Это, конечно, была шутка. Может быть, не совсем удачная. Черешнин помнил, что среди двадцати моделей Вселенной несколько было создано шутки ради.
И все-таки какое-то предчувствие не давало ему спокойно заснуть.
Сейчас, оставшись один, он лежал с открытыми глазами и слушал, как остывал мотор. Короткая северная ночь постукивала минутами, темнота то слегка сгущалась, то таяла. Гурьбой пробежали едва различимые темно-пепельные облака. Небо быстро менялось, дрожали странные лесные тени, приближалось утро.
Ожидание и бездействие стали нестерпимо томительными. Он осторожно достал из-за сиденья двустволку в старом брезентовом чехле, положил в карман десяток тугих папковых патронов и пошел в ту сторону, где едва намечалась зеленоватая полоса рассвета.
Он шел по сухой, потрескивающей хвое, раздвигая смолистые ветви, от которых воздух был густым, как настой.
Где-то тут, недалеко, немного к северу и немного к востоку, был его старый дом. Он помнил город над светлым северным морем и ветры, приходившие сюда со всех сторон света, чтобы бороться с волнами.
Сколько лет прошло с тех пор, как он в последний раз ходил с сыном за форелью на Белый мыс и еще дальше, в Концезерье! Он и сейчас, наверное, нашел бы дорогу к им одним знакомому ручью, где через полчаса можно было бросить в багажник брезентовую сумку с форелями. Или к холодному водовороту, где прижились речные раковины-жемчужницы и где они раз, промокнув до костей, нашли все-таки несколько серебристых горошин.
Море он не любил. Может быть, потому, что на море человек во многом зависит не от себя.

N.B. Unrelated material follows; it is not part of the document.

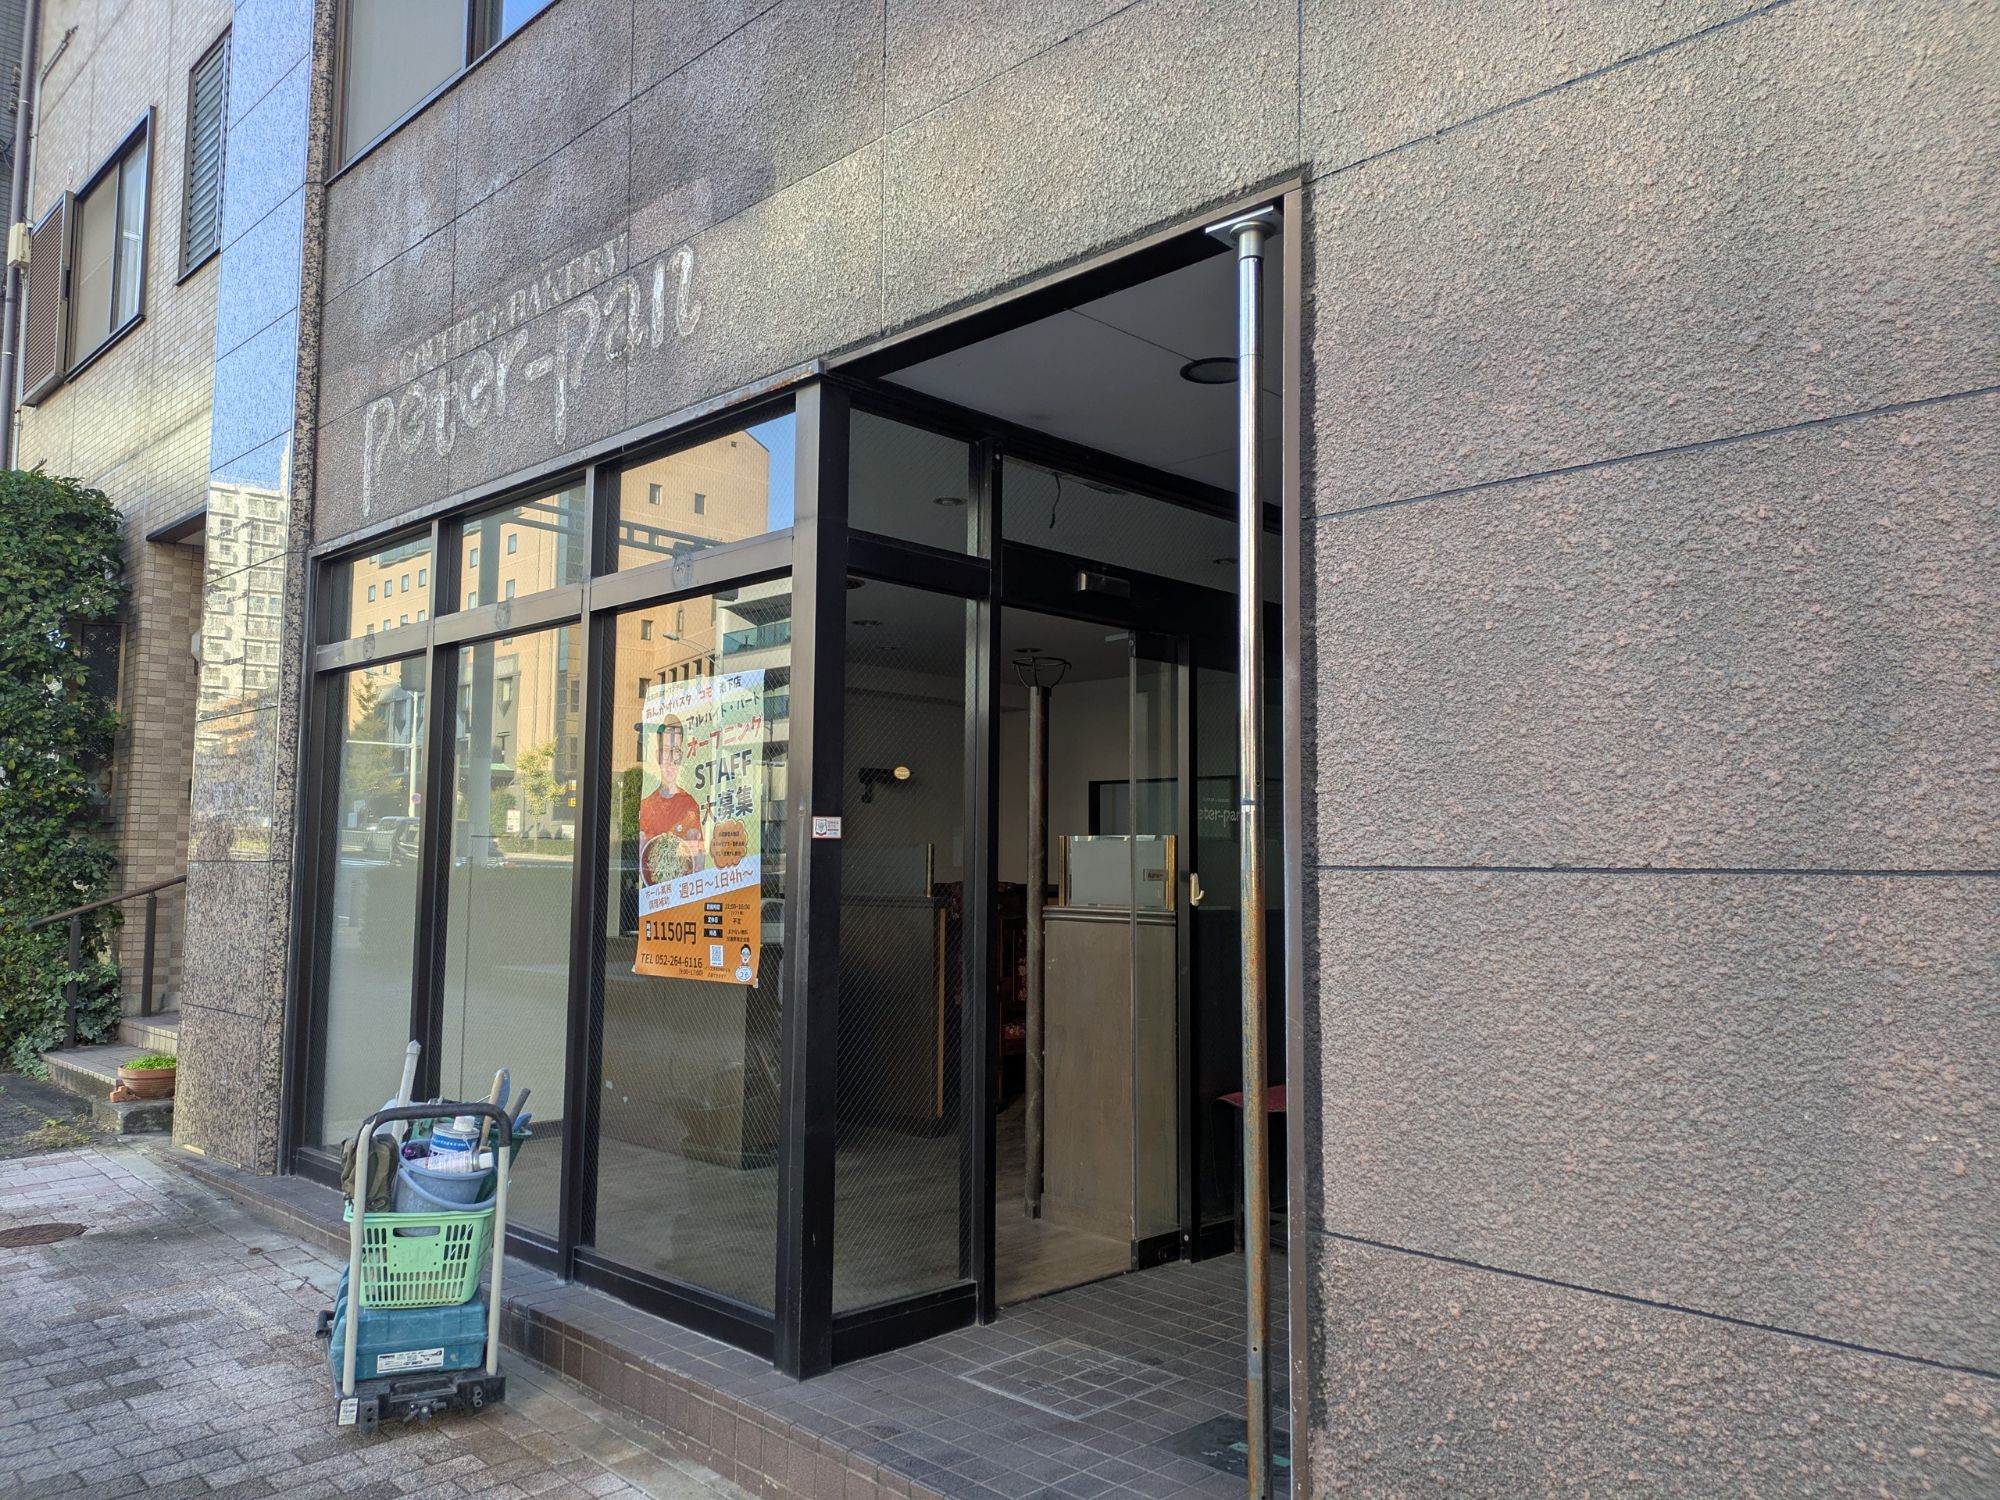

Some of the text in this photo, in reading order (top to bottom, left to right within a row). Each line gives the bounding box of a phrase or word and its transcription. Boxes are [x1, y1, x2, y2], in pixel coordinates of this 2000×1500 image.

Прокричит невидимо гагара, прилетит северик - северный ветер, завяжется непогода, попробуй тогда пробиться через клокочущую воду, которая поливает, кажется, и снизу, и сверху, и с боков. Редкий катер удержит курс.
Да что море! Весенние реки во время сплава, просторные, как моря, и ветер, острый, как нож, - разве не сильнее человека?
…Майским утром они с сыном смотрели, как вяжут плоты, как спускают кругляк на воду, как сплавщики, управляясь одними баграми, разводят заторы. Легко ли удержаться от соблазна самому прокатиться с багром в руках? Черешнин видел, как бежал он по бревнам, словно по шаткому мосту, как упал, как повернулось под ним предательское бревно и подоспело со стороны другое - огромная сосна, выскочившая из стремнины. Не помнит только Черешнин, как сына вытащил. Кажется, кто-то из сплавщиков помог, а может быть, уж после подбежал народ.
Отняли парню левую кисть, а новую сам не захотел. «Подожди, отец, - сказал, - писать, работать и так смогу, летать тоже разрешат, а это - после успеет-ся». Так и не успелось пока…
Помнил он сына и в день отлета, удивлялся немного: как ему, такому скромному и внешне не особенно приметному, честь оказали, вторым пилотом послали. Видно, разбирались все-таки в людях…
С тех пор как Черешнин остался один, он вел, в сущности, полубродячую жизнь, и она ему нравилась. Сколько городов увидеть довелось и сколько людей! А рейсы сквозь леса и заснеженные равнины, когда кажется, что машина летит над землей!
За много лет он исколесил столько, что хватило бы, если выпрямить дороги, до иной звезды. Годы пролетели незаметно, и он спрашивал себя иногда: и это жизнь?
Да, это была жизнь. Он помнил, как давным-давно, еще со своим отцом, сиживал он на озерах, на заводях во время весеннего лёта, когда утки на косых крыльях плюхались на воду из-за розовых березняков. Как шагали они по черной, живой и ленивой воде и грелись у костра, варили чай с брусникой и жарили уток с перьями, обмазав их глиной. Странное это было время.
Уже всерьез обсуждали проект гигантской плотины через Берингов пролив - с турбинами, способными выгнать холодные арктические воды на юг, сделать климат на севере теплым и влажным. Уже посылали первые автоматические звездолеты, а северные леса стояли, словно задумавшись, и не тронутые человеком синие дали по-прежнему расходились во все стороны, во всех четырех измерениях.
Северный ракетодром создали за два года. Провели дороги, протянули линии электропередачи, построили дома - маленький город, укрытый от зимних ветров гибким стеклом и пластиком.
Говорили, что нейтринные ракеты могли со временем изменить скорость вращения Земли, перечеркнуть астрономические константы. И вот - нашли же выход! - перевели грузовые линии на север. Именно здесь Земля меньше всего чувствовала ракетные толчки. Но говорили и другое: ведь ракетодром - это гигантская площадь дорог, аэродромов, это взлетные площадки для грузовых ракет, полигоны для радаров и радиотелескопов, а где свободной земли больше? Ясно где - на севере.